The last point may be a a common sense intuition, but becomes clear when visualized.
For example, in Singapore our current lockdown situation is due to Covid19 spread in migrant workers who were squeezed into a few dormitories. For them it is extremely difficult to isolate, and thus when the virus started to circulate, it exploded.
Another example: Having one main employer in town like a meat-packing factory. If you get one case in town, it is likely to spread.
You can see these intuitions better by putting more people in less homes and workplaces when you run the simulation. One red dot quickly becomes a bunch of angry red dots at chokepoints.
Each simulation run gets outcomes based on chance.
If you get lucky in your run, you might not get that much infection. Conversely, you could be unlucky and see the whole town get sick before the simulation time even ran out.
Actually this is somewhat similar to real-life: Luck does play a part in epidemics on who and where it strikes, and how it grows and dies in any particular place.
In real life, we only live in this one timeline, and we only see the case results after infections have occured. If we got lucky, we may think that the virus is not as serious or contagious.
The trouble is that whilst your town (or you individually) may not be as affected, the overall trend is that many other towns (and other people) would have gotten an unlucky dice roll.
Our trouble as humans is that we tend to only see localized events, and mistake it for the entire trend.
Our cognitive biases makes it hard to fight long-term, complex challenges like Covid19 (looking like this is going to be more and more likely) or climate change because we evolved to pay attention to short-term immediate problems.
In any case, in simulation land, because it is a thought experiment, we can do something that cannot be done in real-life: We can rerun the simulation thousands of times, and plot the results to get the most probable outcomes.
If we keep everything the same except for changing one parameter, we can get useful conclusions.
Parameters: 150 people town, 50 homes, 3 days simulation time, 2% infection rate.
Everything is the same except for number of workplaces.
Both scenario simulations run 10,000 times.
I considered making this interactive for readers, but dropped the idea as it is compute heavy and takes time to run.
What you are looking at is the number of infections at the end of 3 days plotted in 2 histograms (bar chart) after 10,000 simulations for each scenario.
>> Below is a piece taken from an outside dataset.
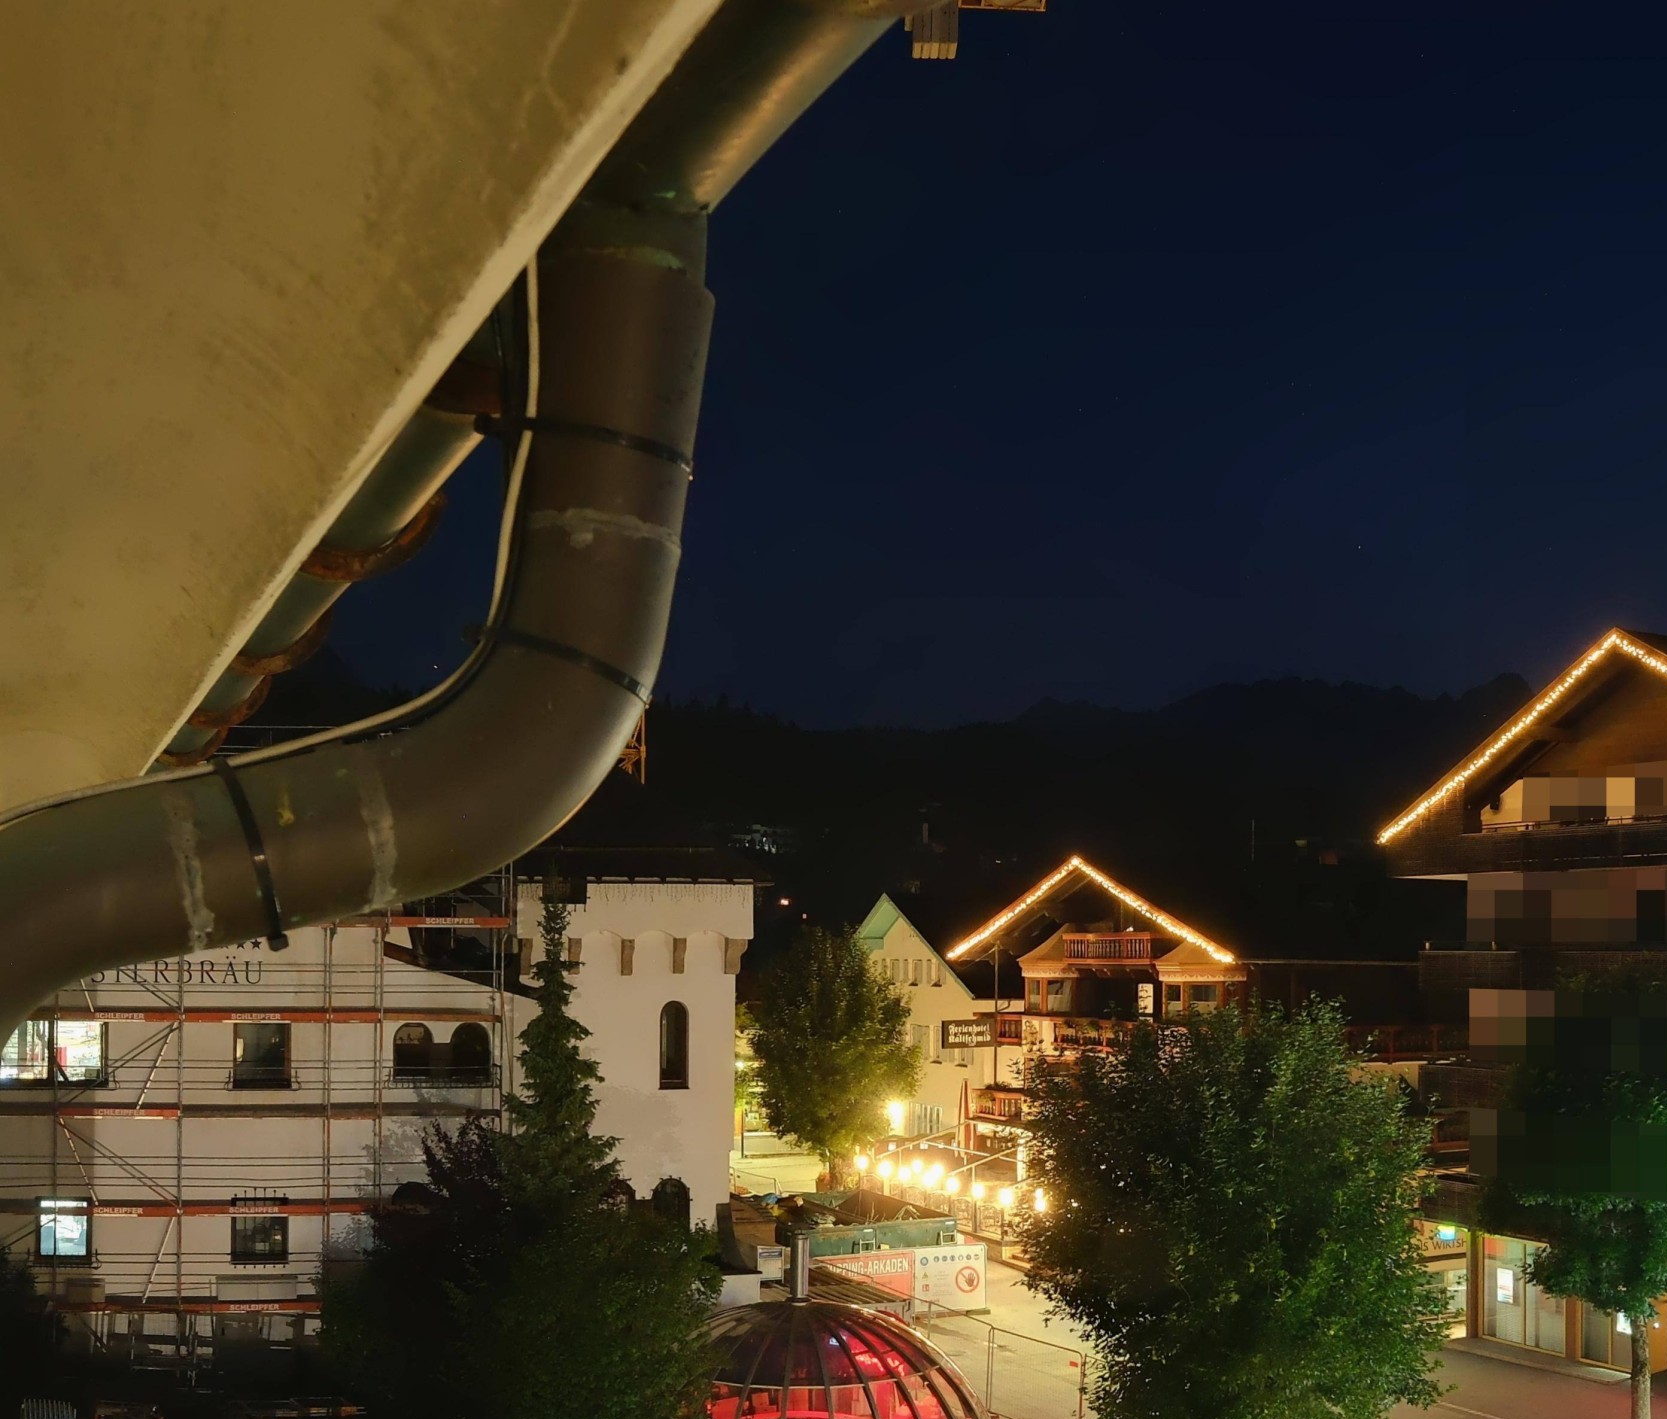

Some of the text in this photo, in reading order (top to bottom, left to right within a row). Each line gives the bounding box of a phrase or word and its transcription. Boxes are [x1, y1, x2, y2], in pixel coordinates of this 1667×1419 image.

The only change is the number of workplaces.
You can see that the average number of infections is less in the 30 workplaces scenario compared to the 20 workplaces one, even without calculating the exact mean / median / variance.
Feel free to skip this section if you're not into statistics or code as it delves into some fun technical ideas.
A quick detour. If you plot many independent random variables (due to the Law of Large Numbers), you will get a nice bell curve due to the Central Limit Theorem. Just like here!
This, in essence, is why data polling is such a powerful tool and why it works to tell us about the sampled population.
But hold on, you might ask. If I run your simulation with randomized data, I will get a different result, right?
Correct. This is why for all these charts, for reproducibility, it is run based on a specific psuedo number generator (PRNG) algorithm running on a specific hash.
The default javascript Math.random() does not provide for this. The random numbers generated here are based on the SFC2 algorithm (here is a great list).
In any case, if you have an interest in reproducing these results, you can checkout and play with the code in the github repository.
Now that we have a baseline model to work with, let’s explore some other scenarios.
This article is a work in progress and I will add more models over time.
For example, how do quarantine breakers affect infection rates? Under a lockdown, how does the percentage of essential businesses affect infection?
What if people have different types of schedules? Or if social activities are allowed, and people are allowed to mix around at social places after social distancing is in effect? Can we model this?